• **Exercise goal**: Please print out the entries below unchanged and skip the images.

----------------

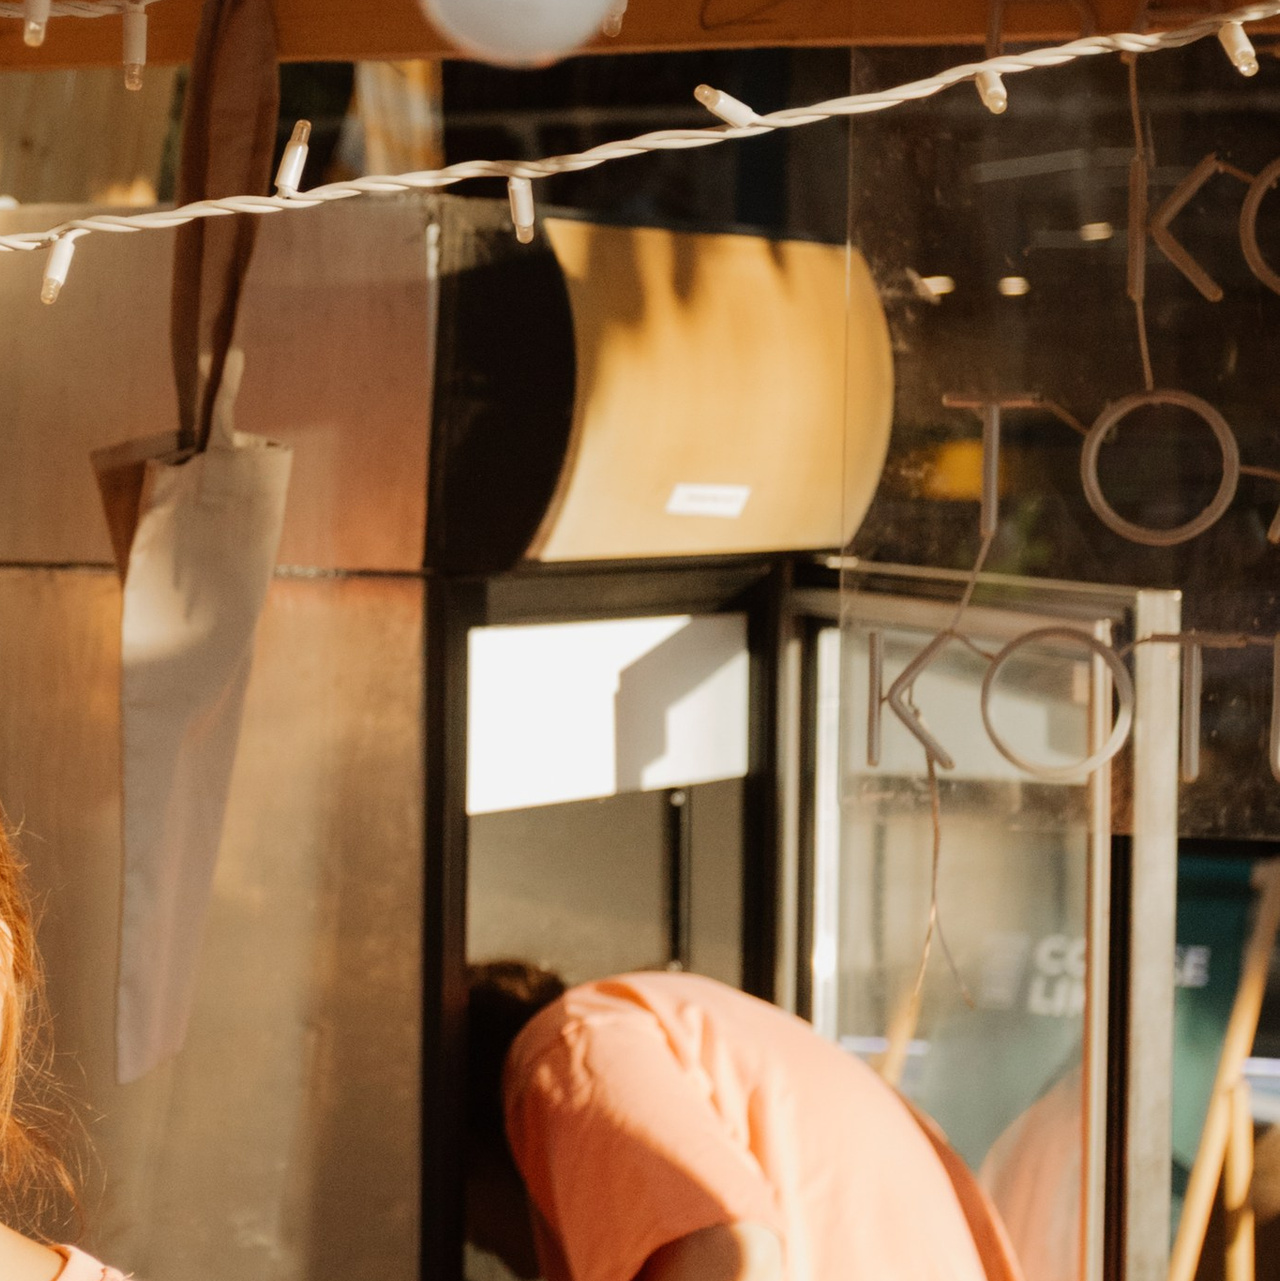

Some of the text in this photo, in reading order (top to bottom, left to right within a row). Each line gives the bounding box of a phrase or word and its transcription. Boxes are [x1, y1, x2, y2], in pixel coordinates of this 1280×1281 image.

[1126, 150, 1280, 303] К
[942, 388, 1280, 547] ТО
[867, 627, 1280, 784] КОТ
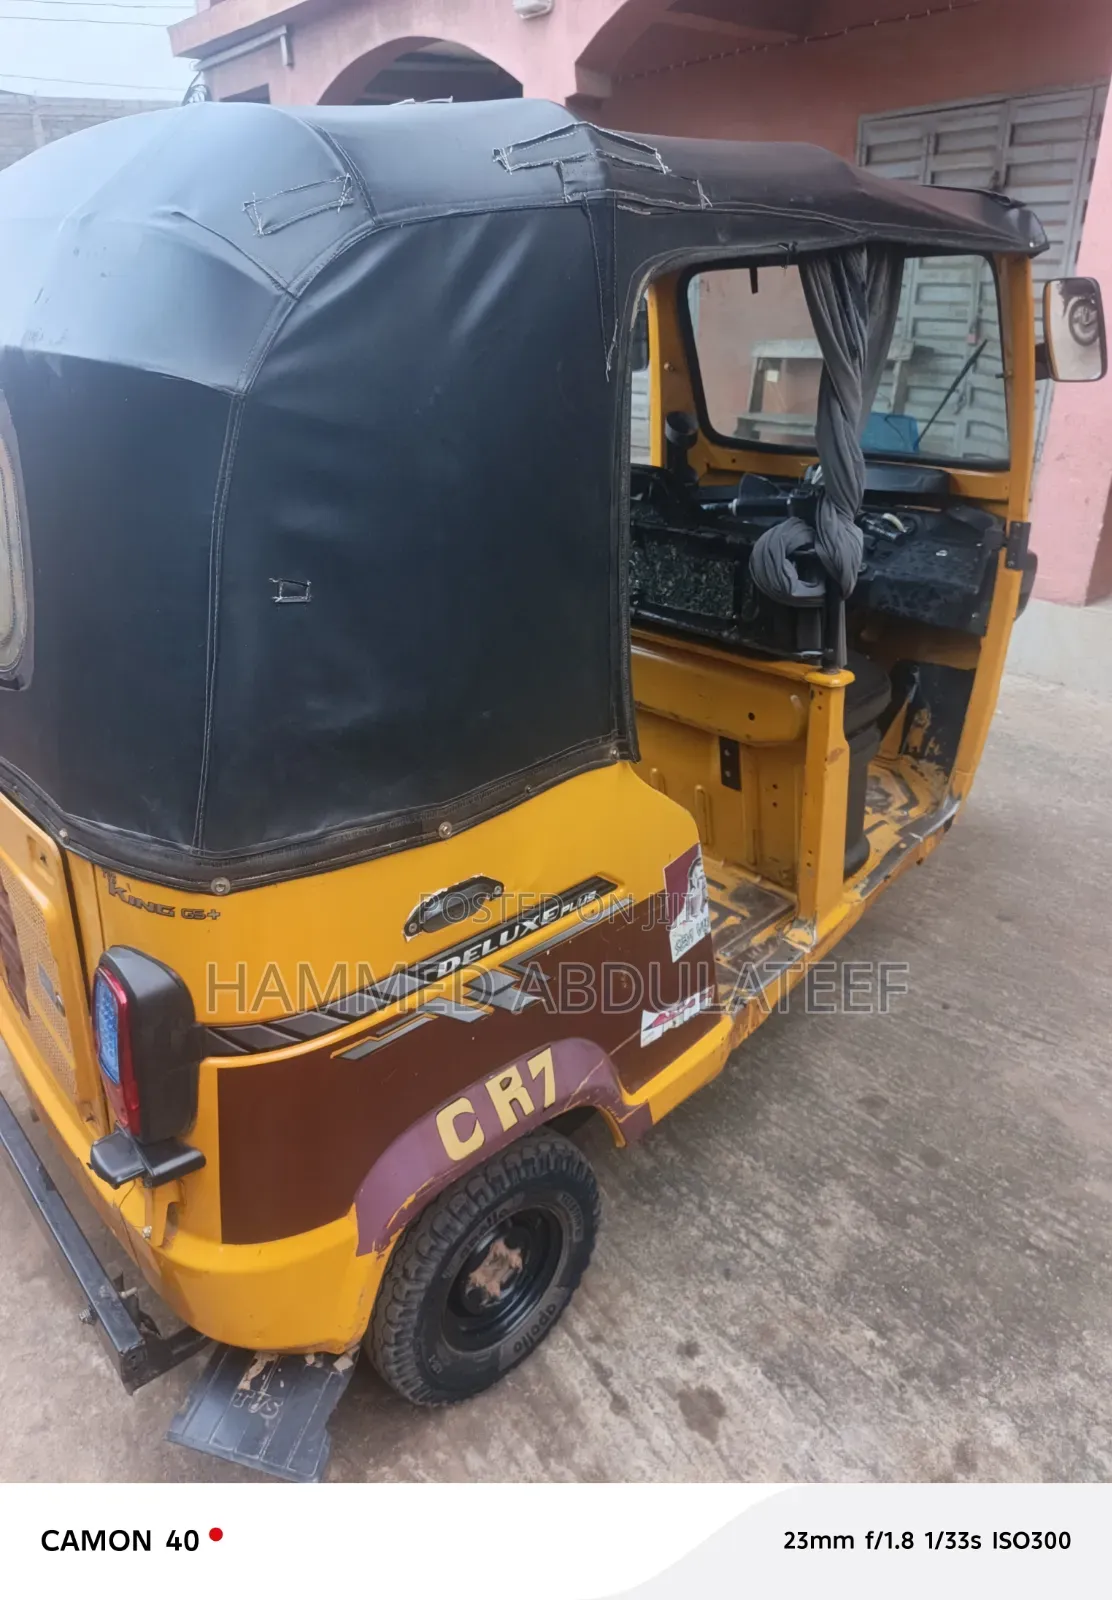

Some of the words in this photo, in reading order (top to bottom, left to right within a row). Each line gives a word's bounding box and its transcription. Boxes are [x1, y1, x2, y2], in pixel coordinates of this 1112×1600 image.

----------------

• **Task result**:
Some of the text in this photo, in reading order (top to bottom, left to right within a row). Each line gives the bounding box of a phrase or word and its transcription. Boxes are [x1, y1, x2, y2], in pixel coordinates of this 1280×1281 image.

[1126, 150, 1280, 303] К
[942, 388, 1280, 547] ТО
[867, 627, 1280, 784] КОТ

Some of the words in this photo, in reading order (top to bottom, left to right within a row). Each line gives a word's bounding box and its transcription. Boxes are [x1, y1, x2, y2], in pixel coordinates of this 1112×1600 image.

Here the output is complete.